Nicolai Tangen and Yasir al-Rumayyan have had tricky summers for different reasons.
Mr Tangen, a successful hedge fund manager in London, is on the verge of taking over as head of Norway’s $1tn sovereign wealth fund. But a big political row has broken out over his alleged conflicts of interest.
Mr Rumayyan, who runs Saudi Arabia’s $300bn fund, walked away from a deal to buy Newcastle United football club from the British retail tycoon Mike Ashley after struggling to win approval from the Premier League. It turns out that years of brazen Saudi pirating of televised football was not the way to win hearts and minds everywhere.
Both men’s experiences have a common thread. While state-run funds are becoming more influential, managing them remains riddled with complexity.
That will always be the case where statecraft is mixed with money management but it adds a massive headache to what is ostensibly their day job: generating returns, which is difficult enough already even for investors who don’t have to worry about politics.
From risk-hungry gurus such as SoftBank’s Masayoshi Son to more conservative ones such as Berkshire Hathaway’s Warren Buffett, some of the biggest names in finance this week gave a glimpse of how their portfolios have changed from earlier this year.
SoftBank, which has spent the past four years extolling the virtues of investing in private start-ups through its $100bn Vision Fund, revealed that it had begun pouring its spare cash into shares in Amazon, Google and Netflix, following the investing herd.
As the US benchmark S&P 500 hit a record high, Mr Buffett’s Berkshire struck a bearish note. The Oracle of Omaha offloaded some of its bank stakes and bought shares in a gold miner.
More than 40 per cent of Berkshire’s equity portfolio, or roughly $90bn, is sitting in shares of Apple, whose value briefly passed the $2tn mark on Wednesday.
Although they have the same pressures of having to juggle high politics and big money, the Norwegian and Saudi wealth fund approaches to investing could not be more different.
The Norwegian fund largely eschews active management in favour of something that looks a lot like an index approach. Thanks to a market rebound from the panic-stricken drop in the first quarter, the fund recovered from its worst quarter on record to report its second-best one ever.
But the fund’s leadership added to the chorus of voices who have warned of a disconnect between financial markets and the real economy. It owns, on average, more than one per cent of every listed company worldwide and is very aware of how damaging a huge market correction would be to its performance.
How to navigate that risk will soon fall to Mr Tangen, who has built AKO Capital into a leading equity hedge fund with $20bn in assets. If he survives the row about his appointment, any changes in investment strategy will be closely scrutinised.

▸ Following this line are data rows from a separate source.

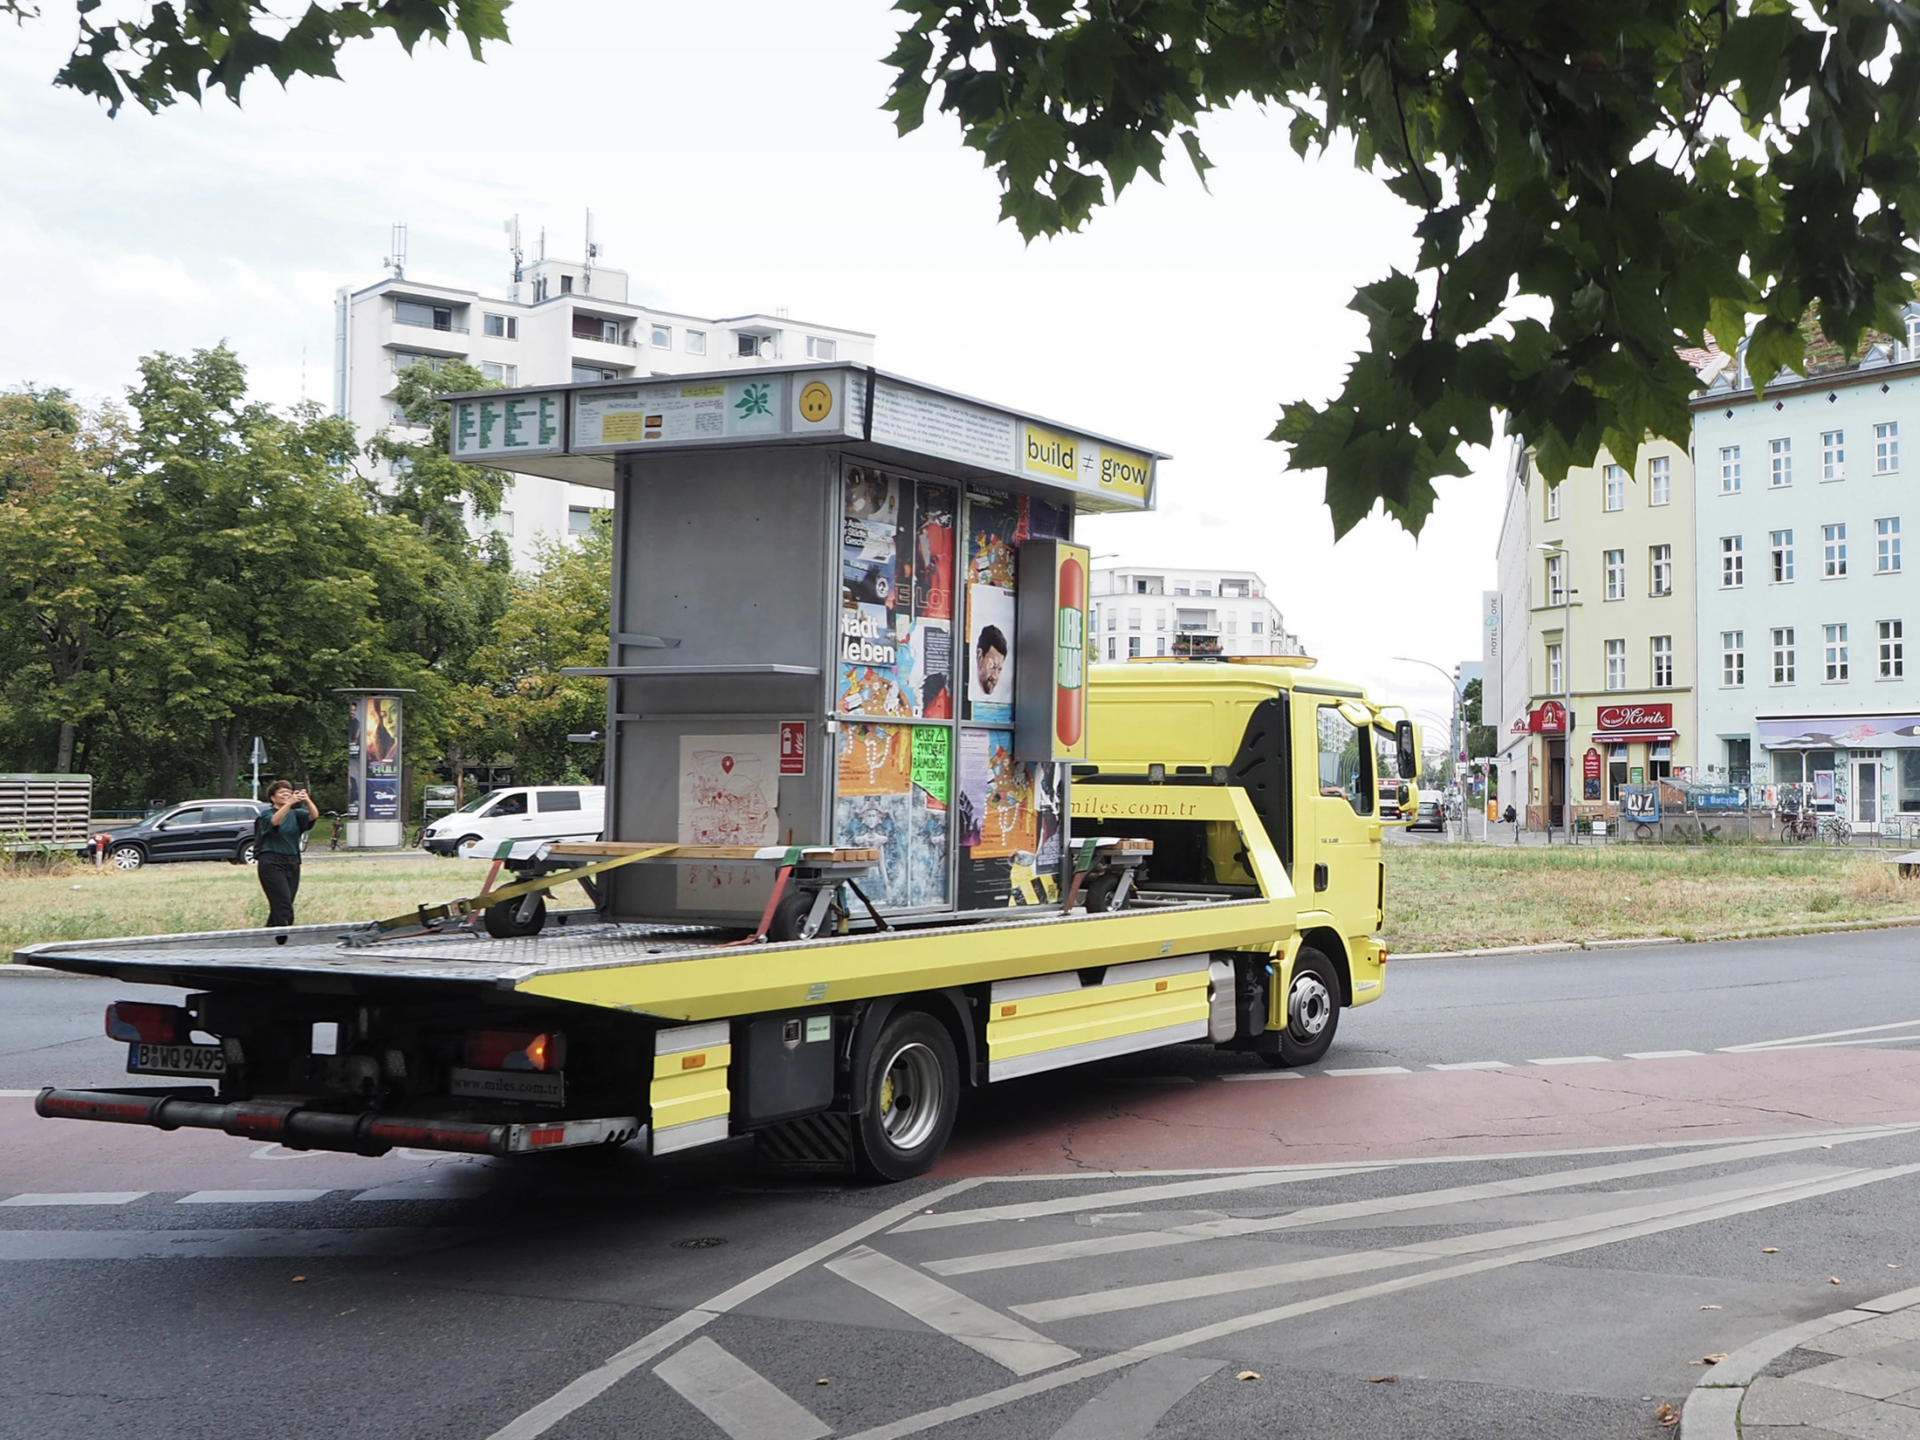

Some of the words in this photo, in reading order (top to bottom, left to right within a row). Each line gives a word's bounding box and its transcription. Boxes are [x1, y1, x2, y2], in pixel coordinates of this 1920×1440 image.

[1028, 434, 1074, 471] build
[1101, 458, 1147, 486] grow
[842, 614, 879, 639] tadt
[843, 637, 895, 663] leben
[1601, 707, 1665, 727] Moritz
[140, 1045, 149, 1066] B
[183, 1048, 225, 1071] 9495
[453, 1078, 559, 1095] www.miles.com.tr

The Saudi fund, meanwhile, is a relative newcomer to playing the markets. As coronavirus fears gripped markets in March, the PIF took the rare step of buying a near $8bn portfolio of US and European blue-chips from Boeing to BP, saying it was a “patient investor with a long-term horizon”.
This week, however, it revealed that it had sold some of these holdings and moved into a few sector-specific tracker funds.

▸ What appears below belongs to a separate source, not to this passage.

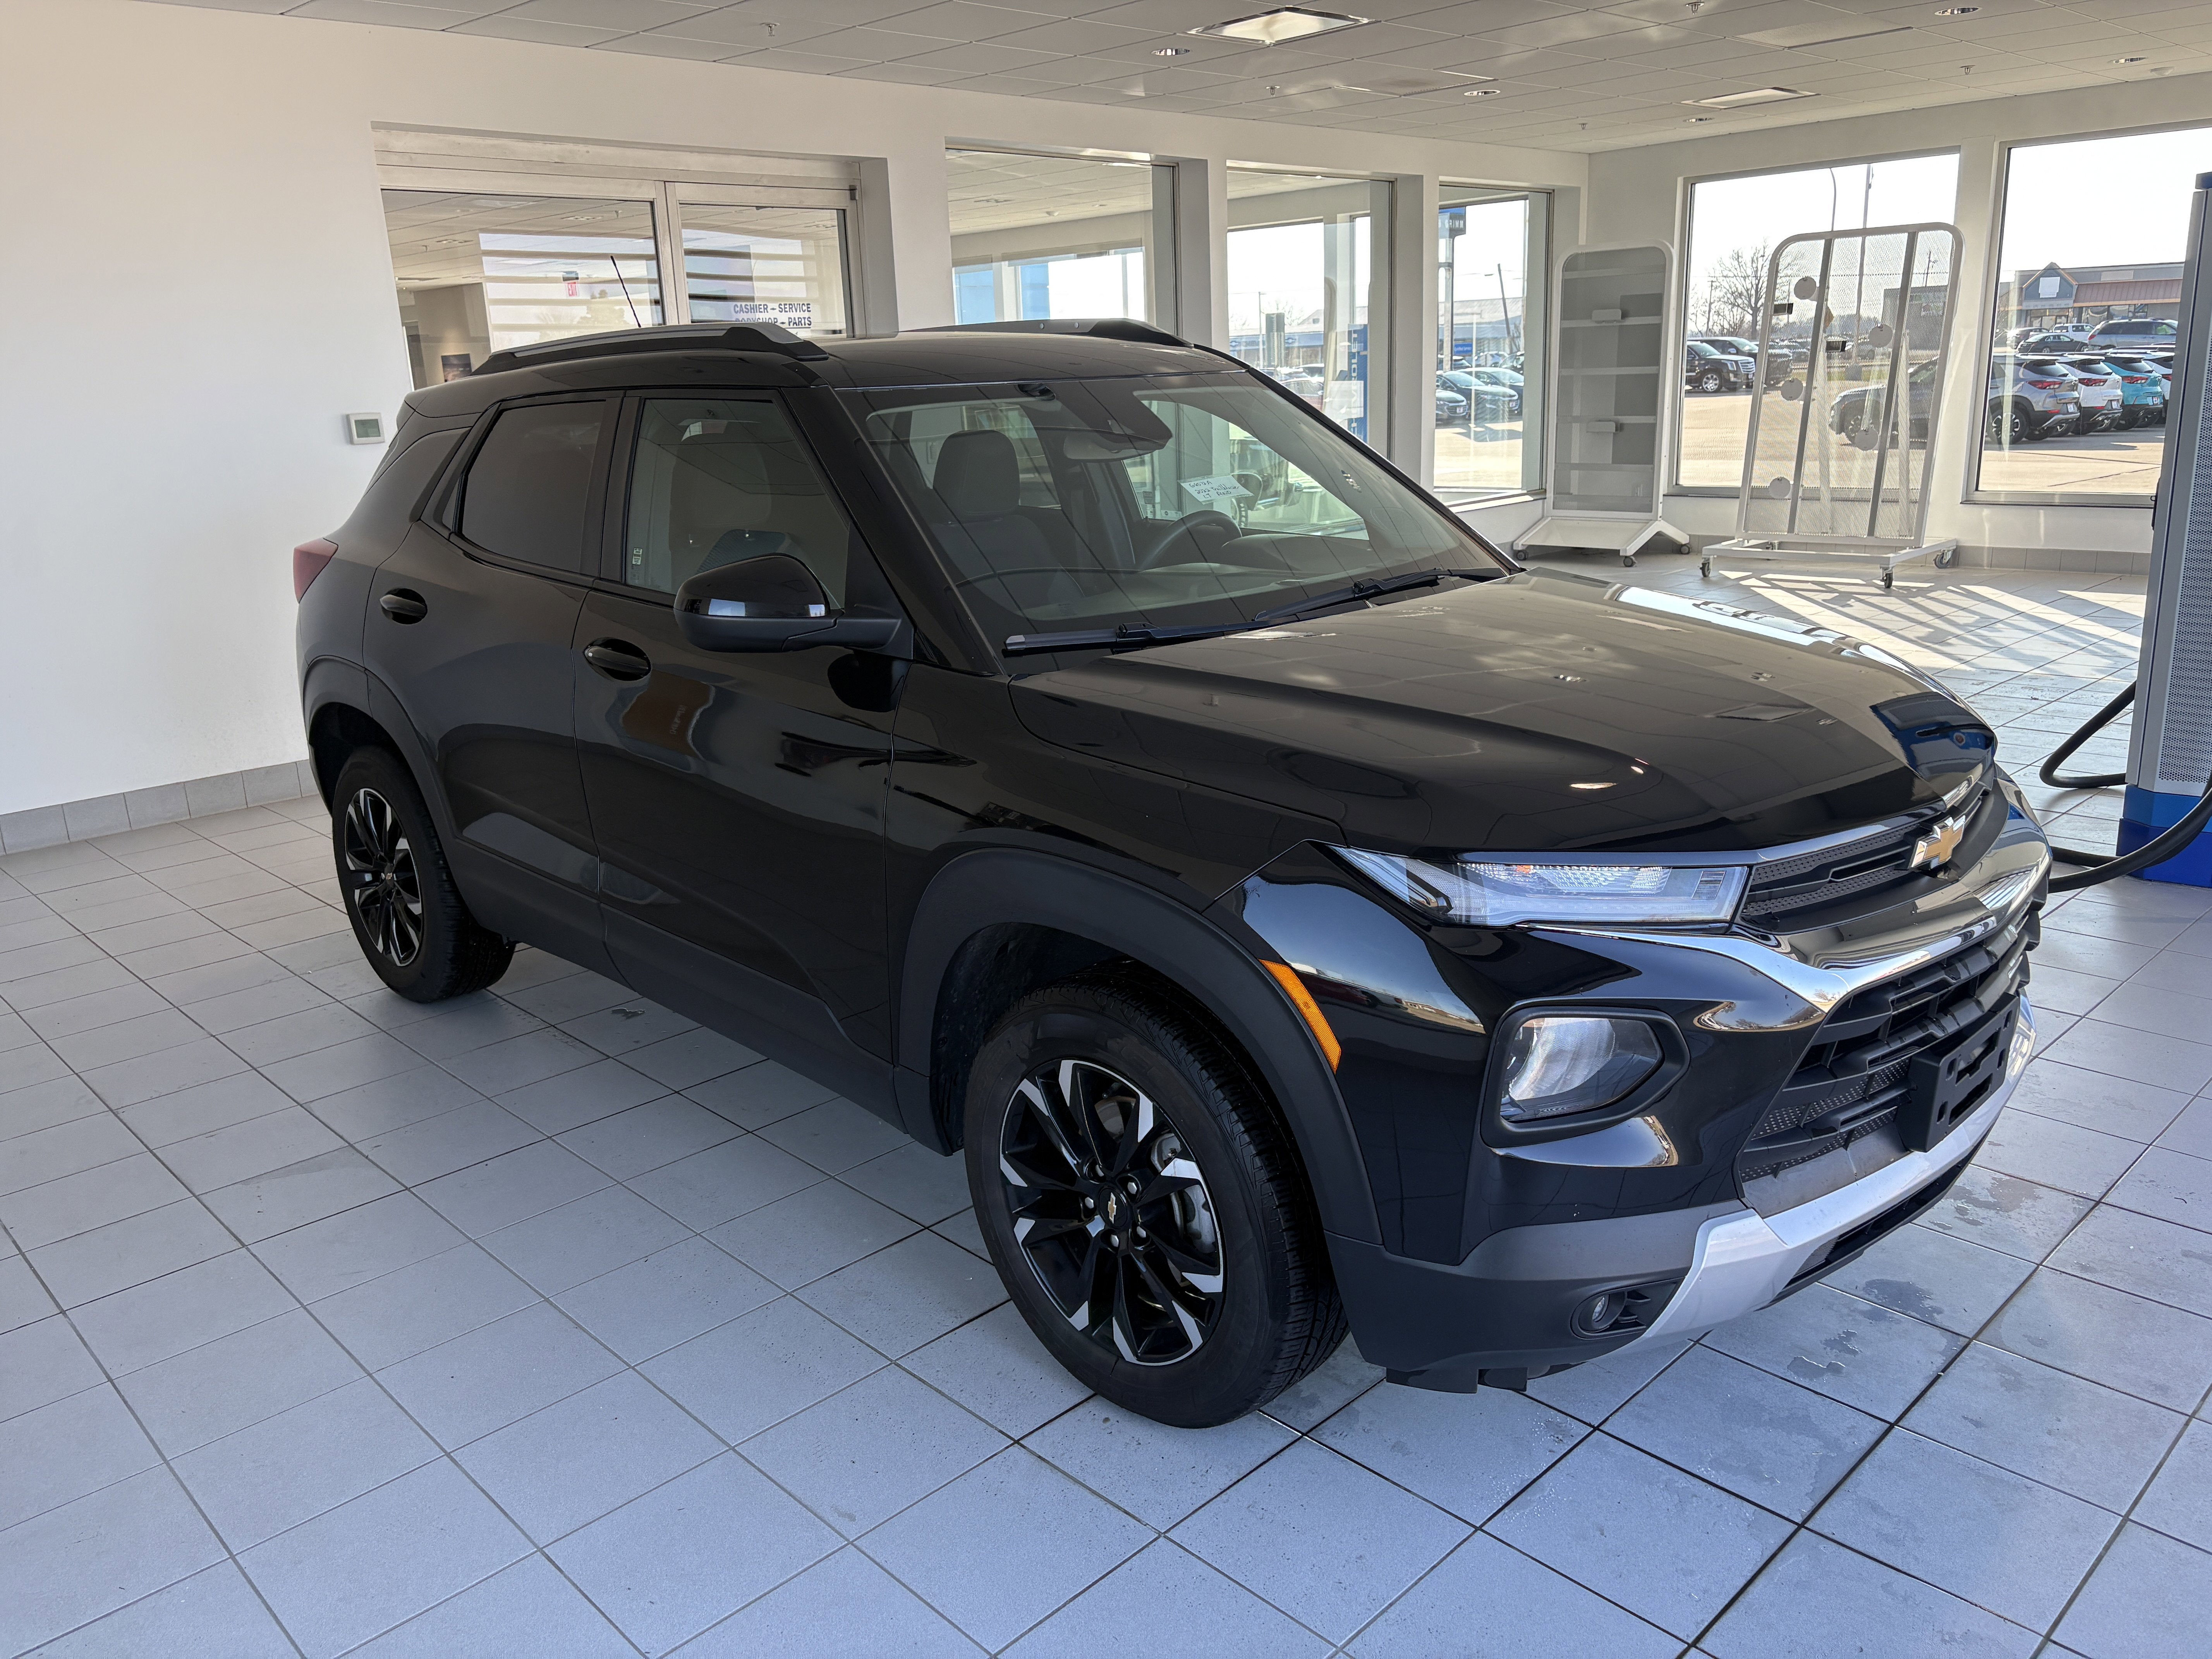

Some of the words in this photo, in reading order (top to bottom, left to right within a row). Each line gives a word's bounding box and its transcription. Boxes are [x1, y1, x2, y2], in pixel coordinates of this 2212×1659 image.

[733, 304, 769, 314] CASHIER
[778, 303, 811, 313] SERVICE
[788, 316, 812, 326] PARTS

Saudi Arabia’s opportunistic approach, which in some lights looks more like the sovereign equivalent of day trading, contrasts sharply with the methodical, careful investing preferred by Norway and most of its peers.
But in other ways, its choices are clearly marked by the political considerations that underpin everything it does.
The few companies where the PIF increased its stake, cruise operator Carnival and concert organiser Live Nation, have been explained as strategic for the development of the country under Mr Rumayyan’s boss, Crown Prince Mohammed bin Salman. Newcastle United was meant to be part of that grand plan.